The music industry is not what it once was, and odds are, some of your favorite artists are fully independent and are no longer supported by a large resourceful infrastructure. So here's a little primer to help you help your favorite artsts. The more support we receive from the community, the more of our time we can spend on our art.


1. BUY DIRECT FROM THE ARTIST

There's a million places you can purhcase your music online, all for basically the same price. The difference in the outlets is that they all pay the artists very different percentages. So where to buy?

- The artist's own website will always steer you to the outlet where they benefit the most from your purchase.

-CDBaby is great. They were truly built around the principle of how best to benefit the artist.

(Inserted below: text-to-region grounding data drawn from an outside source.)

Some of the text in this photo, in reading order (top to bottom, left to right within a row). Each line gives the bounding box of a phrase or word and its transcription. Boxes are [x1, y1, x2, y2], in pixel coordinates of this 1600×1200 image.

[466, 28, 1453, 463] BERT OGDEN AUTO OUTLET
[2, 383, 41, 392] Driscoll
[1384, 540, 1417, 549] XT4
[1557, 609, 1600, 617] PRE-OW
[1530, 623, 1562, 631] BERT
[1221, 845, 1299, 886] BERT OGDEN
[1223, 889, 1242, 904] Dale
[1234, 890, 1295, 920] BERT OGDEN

- iTunes is OK. They do a pretty good job of paying the artists a reasonable amount, cause their business model isn't really to make money on music sales. Apple is trying to make buying music easy, so they can sell you nifty devices.

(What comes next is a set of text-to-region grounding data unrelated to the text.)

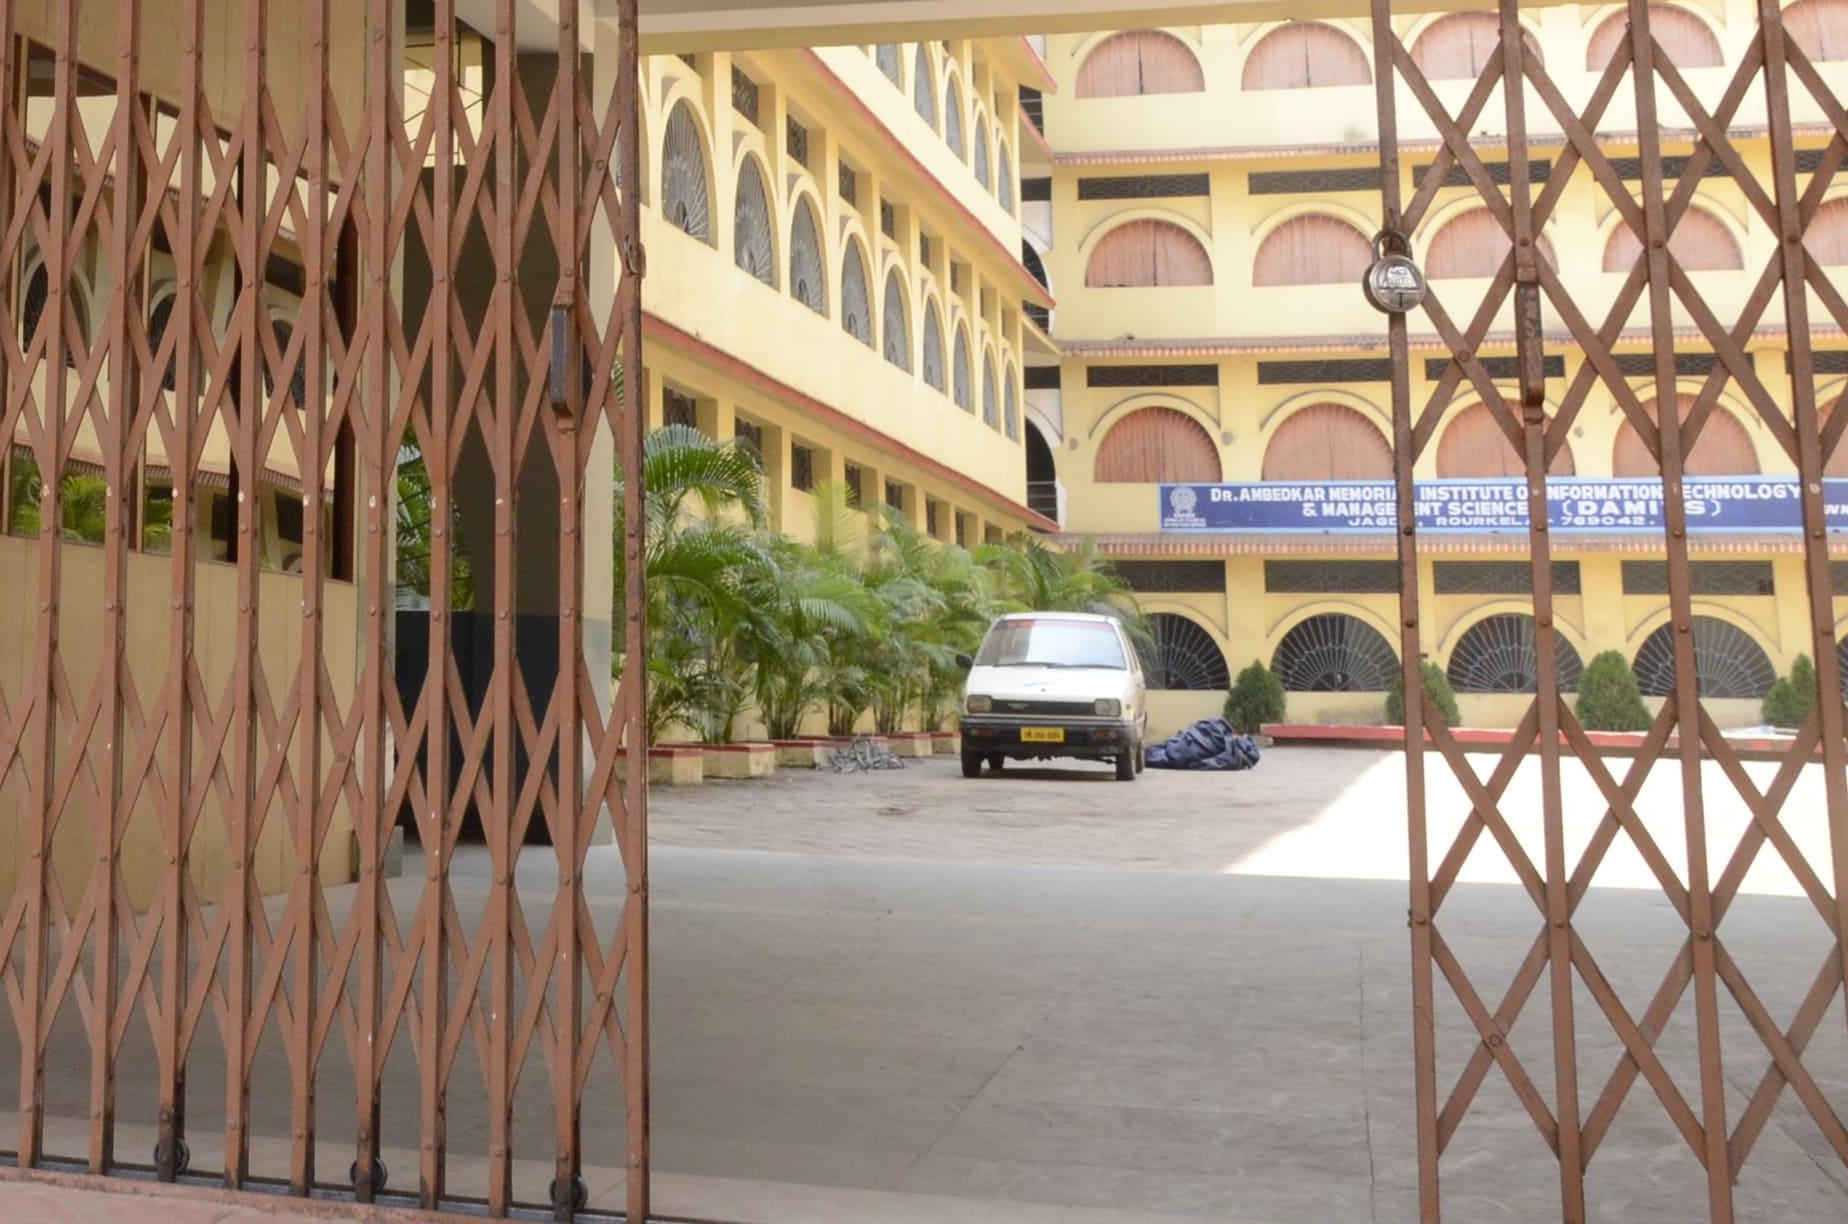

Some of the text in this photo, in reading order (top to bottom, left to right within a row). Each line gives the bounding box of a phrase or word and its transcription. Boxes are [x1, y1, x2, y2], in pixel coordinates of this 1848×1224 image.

[1328, 485, 1398, 502] MEMORI
[1419, 485, 1513, 501] INSTITUTE
[1546, 484, 1664, 501] NFORMATION
[1682, 483, 1801, 500] ECHNOLOGY
[1302, 502, 1317, 517] &
[1321, 501, 1443, 517] MANAGENT
[1562, 499, 1721, 517] (DAMIS)
[1348, 517, 1424, 527] JAGD,
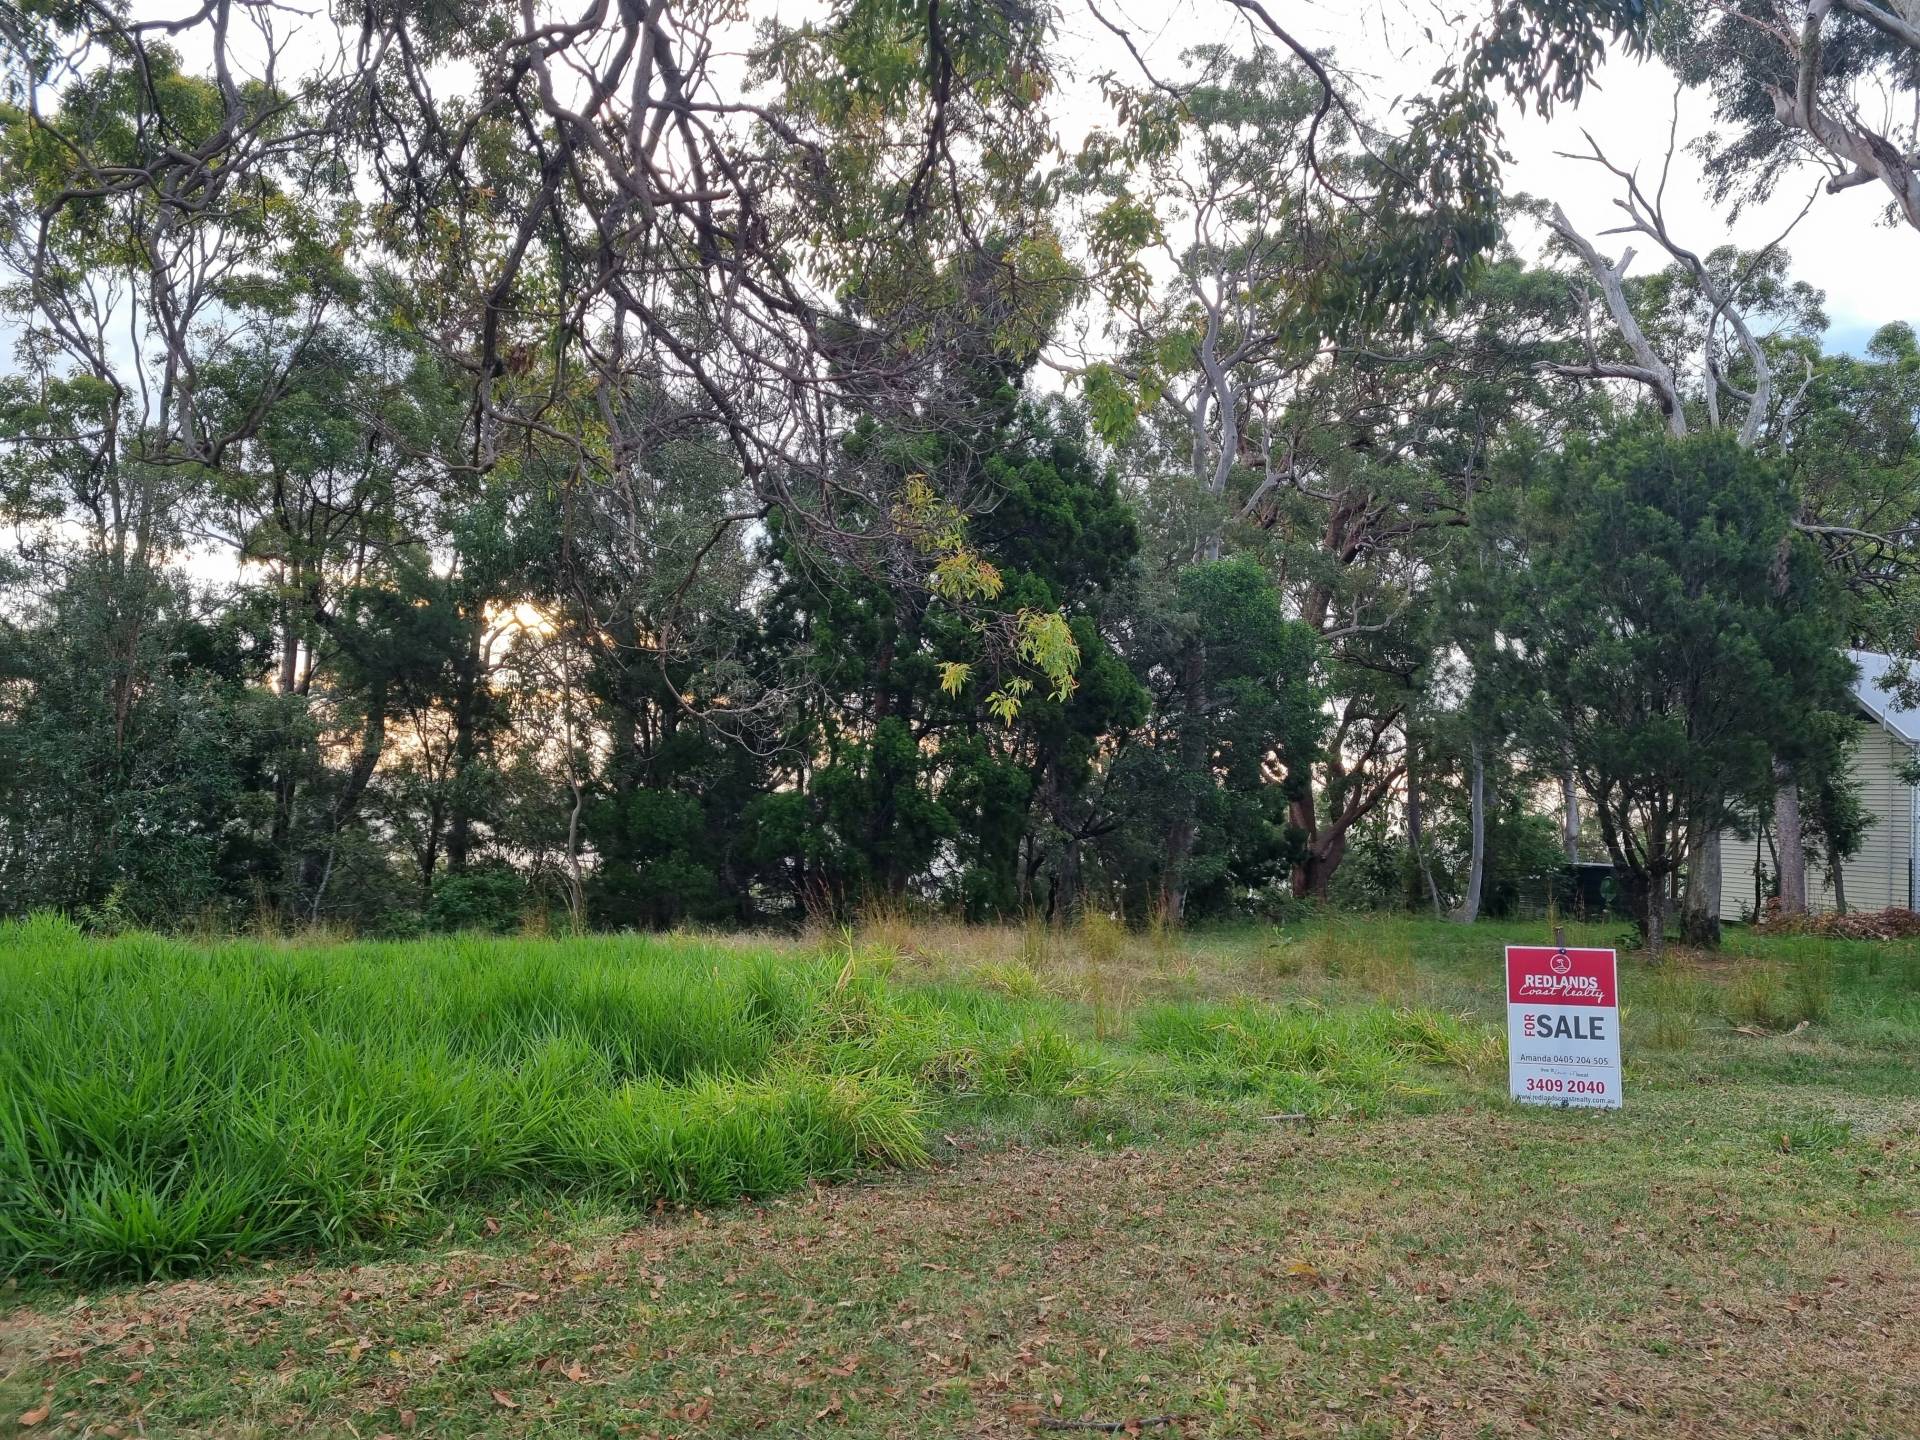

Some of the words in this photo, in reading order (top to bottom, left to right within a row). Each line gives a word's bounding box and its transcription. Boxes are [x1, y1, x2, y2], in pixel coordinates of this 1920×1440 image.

[1525, 974, 1598, 989] REDLANDS
[1519, 984, 1557, 996] Coast
[1562, 985, 1605, 1004] Realty
[1524, 1014, 1535, 1037] FOR
[1537, 1014, 1605, 1040] SALE
[1520, 1054, 1551, 1062] Amanda
[1553, 1055, 1574, 1063] 0405
[1576, 1056, 1591, 1064] 204
[1594, 1057, 1608, 1065] 505
[1526, 1078, 1563, 1092] 3409
[1567, 1080, 1605, 1094] 2040

- Amazon & EBay both suck. Don't buy your music from them. Amazon's system requires so many middlemen that the artists generally get about a buck per album sale. And both Amazon and EBay allow the sale of used CDs and discounted new CDs. The majority of those items are promo CDs that some shifty writer or DJ has accepted, promotionally, and then turned around to sell at an undercut price.

- What about download services? Well, here's a stunningly presented visualization that very clearly illustrates how little money the various download services pay back to the artists that make their services valuable.

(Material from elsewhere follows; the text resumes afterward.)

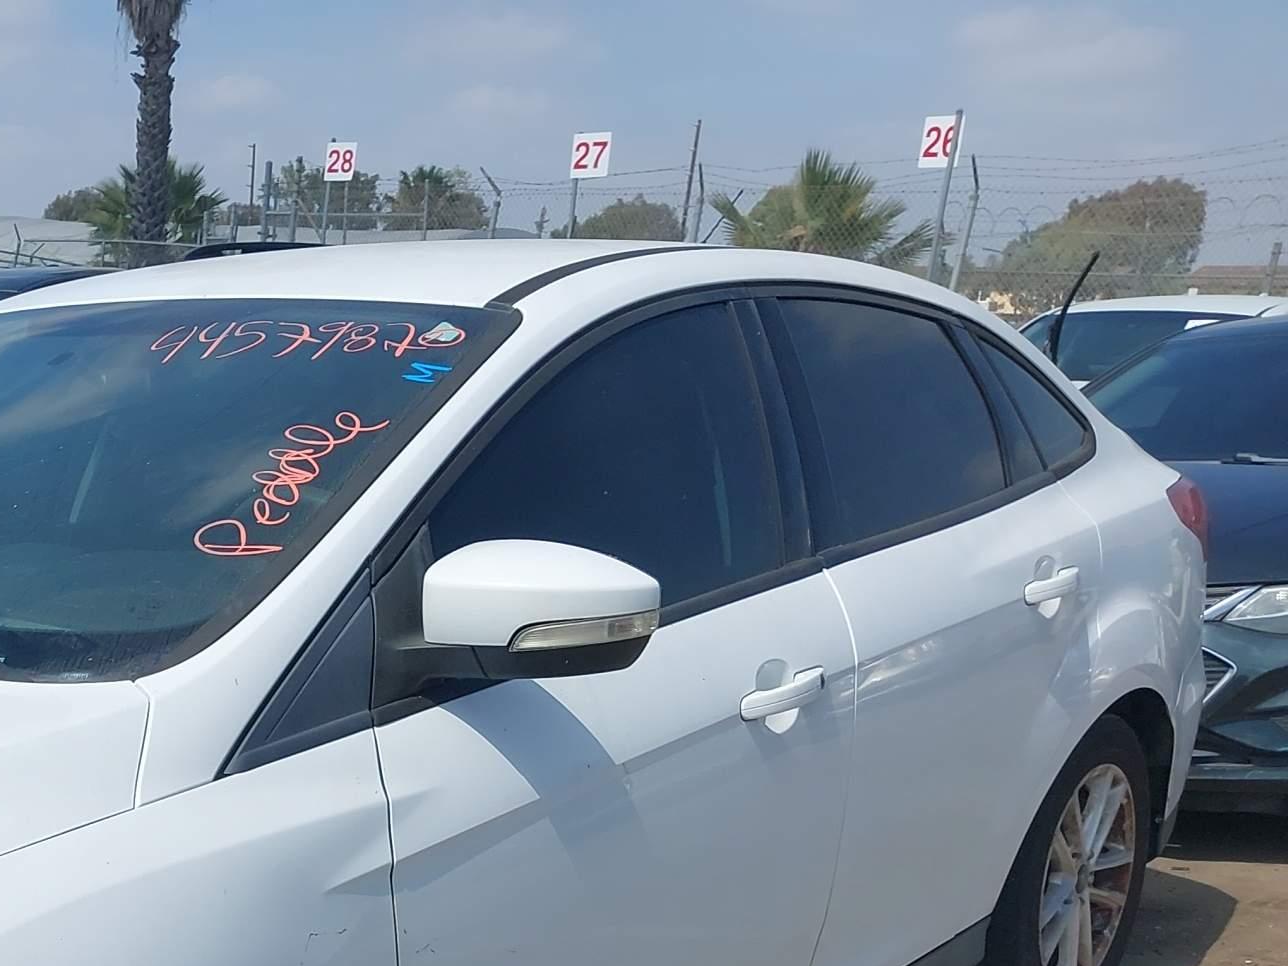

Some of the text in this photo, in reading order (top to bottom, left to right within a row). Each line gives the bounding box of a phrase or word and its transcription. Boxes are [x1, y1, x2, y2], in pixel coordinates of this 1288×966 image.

[326, 149, 354, 173] 28
[573, 140, 608, 170] 27
[150, 321, 466, 364] 44579870

2. JOIN THE ARTIST'S EMAIL LIST & SOCIAL NETWORKS

The easier it is for your favorite artist to reach you directly with show information and new album releases, the less time, money, and energy they'll need to spend to promote those events through less efficient "broadcast" means, like press and radio. Plus, there's a huge side benefit . . .

3. SPREAD THE GOOD WORD

Joining the artist's email list allows you to easily become a more engaged and active participant in the promotional process. By fowarding announcements to friends and family on an artist's tour route, you become an invaluable assistance in the artist's ability to reach new listeners in new markets.

It used to be the role of the labels to make new artists blink onto everyone's radar. They don't have the money to do that for many artists any more. So now it's the role of the community to spread the good word, in a grassroots manner. The email lists and the social networks are great and efficient tools at spreading the word. And it's gratifying to feel invested in "your" artist's growth and development, from the ground up.

4. BURN SOME MUSIC

We love it when y'all turn on your friends to our music. But be mindful of the line between "sharing" the music, and "stealing" the music. Burning a mixed CD for your friends with a couple songs from each of your latest favorite artists helps us out a bunch. Burning entire albums for them deprives us of possible sales.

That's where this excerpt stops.